#### [ACTIVITY]
Exactly as they appear, output all of the records. Skip any images.

#### [DATA TO USE]
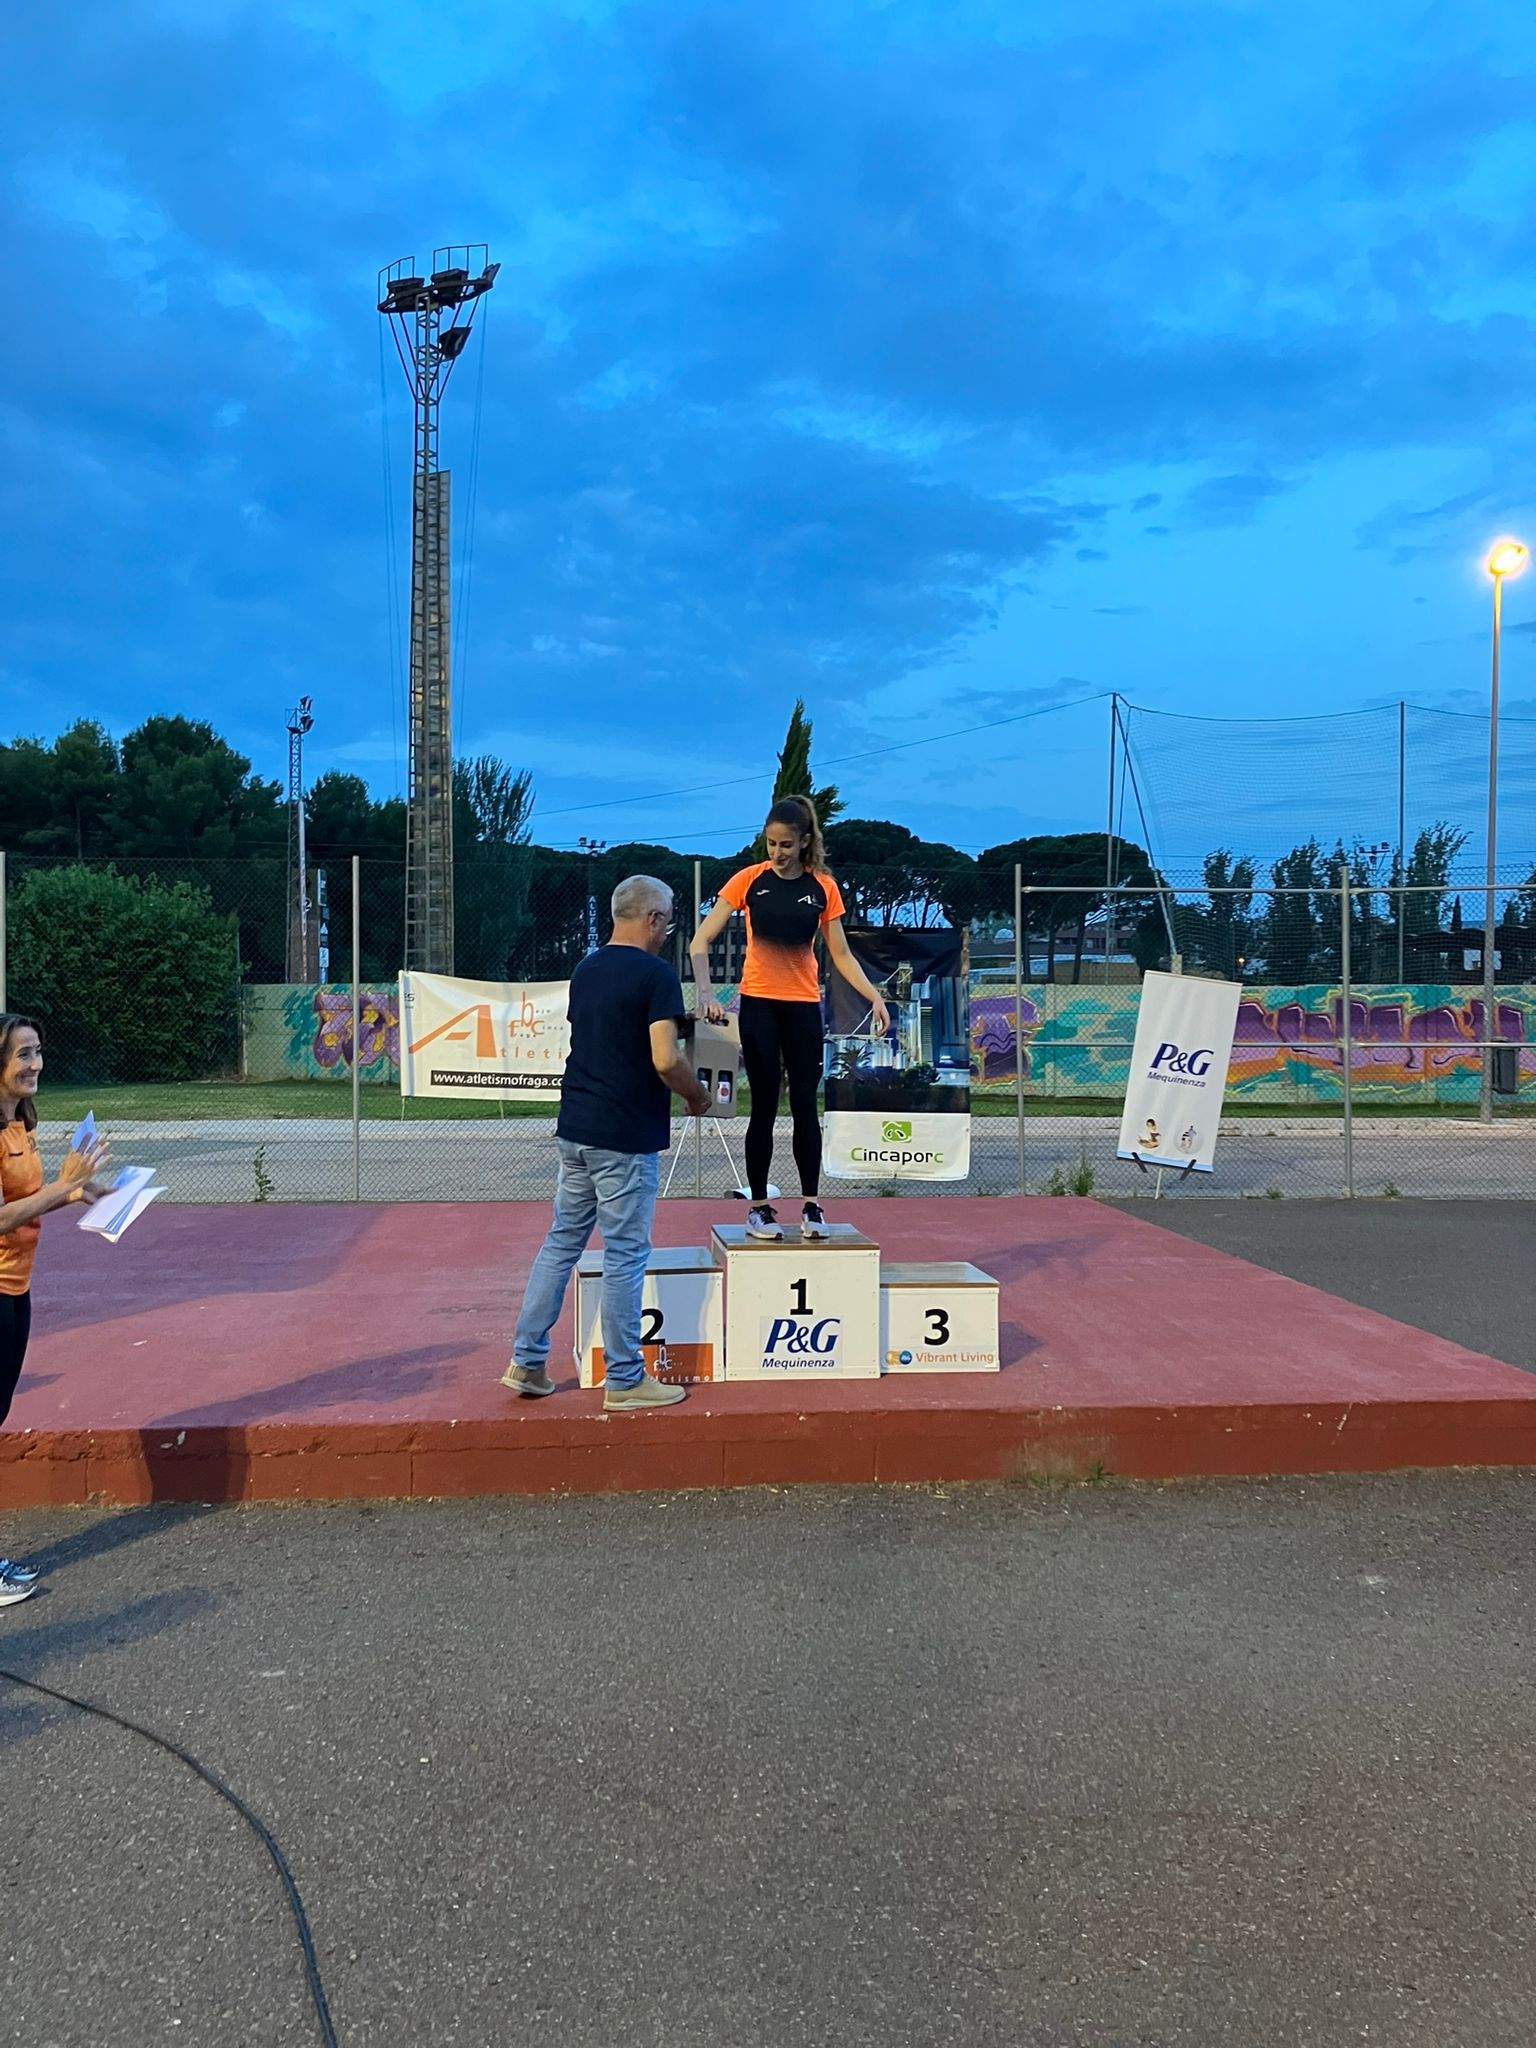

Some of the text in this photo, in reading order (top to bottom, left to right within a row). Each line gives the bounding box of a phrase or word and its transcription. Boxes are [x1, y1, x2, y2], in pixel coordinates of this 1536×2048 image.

[1150, 1043, 1214, 1076] P&G
[1147, 1071, 1206, 1088] Mequinenza
[851, 1147, 944, 1165] Cincaporc
[790, 1279, 813, 1315] 1
[641, 1308, 665, 1345] 2
[764, 1319, 840, 1353] P&G
[924, 1308, 950, 1346] 3
[762, 1358, 835, 1369] Mequinenza
[916, 1353, 956, 1363] Vibrant
[961, 1353, 994, 1364] Living

#### [TASK ANSWER]
Some of the text in this photo, in reading order (top to bottom, left to right within a row). Each line gives the bounding box of a phrase or word and its transcription. Boxes are [x1, y1, x2, y2], in pixel coordinates of this 1536×2048 image.

[1150, 1043, 1214, 1076] P&G
[1147, 1071, 1206, 1088] Mequinenza
[851, 1147, 944, 1165] Cincaporc
[790, 1279, 813, 1315] 1
[641, 1308, 665, 1345] 2
[764, 1319, 840, 1353] P&G
[924, 1308, 950, 1346] 3
[762, 1358, 835, 1369] Mequinenza
[916, 1353, 956, 1363] Vibrant
[961, 1353, 994, 1364] Living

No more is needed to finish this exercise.